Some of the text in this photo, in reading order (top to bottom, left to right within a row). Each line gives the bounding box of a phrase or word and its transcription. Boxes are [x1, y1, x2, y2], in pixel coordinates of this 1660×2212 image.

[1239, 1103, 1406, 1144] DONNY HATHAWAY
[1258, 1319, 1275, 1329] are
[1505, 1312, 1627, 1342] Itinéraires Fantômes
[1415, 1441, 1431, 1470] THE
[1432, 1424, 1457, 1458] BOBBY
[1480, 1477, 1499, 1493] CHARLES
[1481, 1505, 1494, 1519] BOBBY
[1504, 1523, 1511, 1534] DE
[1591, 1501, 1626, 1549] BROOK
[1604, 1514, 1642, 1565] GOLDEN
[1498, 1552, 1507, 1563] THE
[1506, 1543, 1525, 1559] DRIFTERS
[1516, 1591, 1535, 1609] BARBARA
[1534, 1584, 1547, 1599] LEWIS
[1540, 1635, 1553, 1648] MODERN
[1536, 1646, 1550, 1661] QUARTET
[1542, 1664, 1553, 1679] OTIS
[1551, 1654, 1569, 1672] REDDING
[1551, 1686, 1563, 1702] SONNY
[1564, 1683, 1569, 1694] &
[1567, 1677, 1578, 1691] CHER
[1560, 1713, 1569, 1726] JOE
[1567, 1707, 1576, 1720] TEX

AIM OF THE EXERCISE — The entries listed above are to be output exactly. Leave none out.

OUTPUT OF THE EXERCISE —
Some of the text in this photo, in reading order (top to bottom, left to right within a row). Each line gives the bounding box of a phrase or word and its transcription. Boxes are [x1, y1, x2, y2], in pixel coordinates of this 1660×2212 image.

[1239, 1103, 1406, 1144] DONNY HATHAWAY
[1258, 1319, 1275, 1329] are
[1505, 1312, 1627, 1342] Itinéraires Fantômes
[1415, 1441, 1431, 1470] THE
[1432, 1424, 1457, 1458] BOBBY
[1480, 1477, 1499, 1493] CHARLES
[1481, 1505, 1494, 1519] BOBBY
[1504, 1523, 1511, 1534] DE
[1591, 1501, 1626, 1549] BROOK
[1604, 1514, 1642, 1565] GOLDEN
[1498, 1552, 1507, 1563] THE
[1506, 1543, 1525, 1559] DRIFTERS
[1516, 1591, 1535, 1609] BARBARA
[1534, 1584, 1547, 1599] LEWIS
[1540, 1635, 1553, 1648] MODERN
[1536, 1646, 1550, 1661] QUARTET
[1542, 1664, 1553, 1679] OTIS
[1551, 1654, 1569, 1672] REDDING
[1551, 1686, 1563, 1702] SONNY
[1564, 1683, 1569, 1694] &
[1567, 1677, 1578, 1691] CHER
[1560, 1713, 1569, 1726] JOE
[1567, 1707, 1576, 1720] TEX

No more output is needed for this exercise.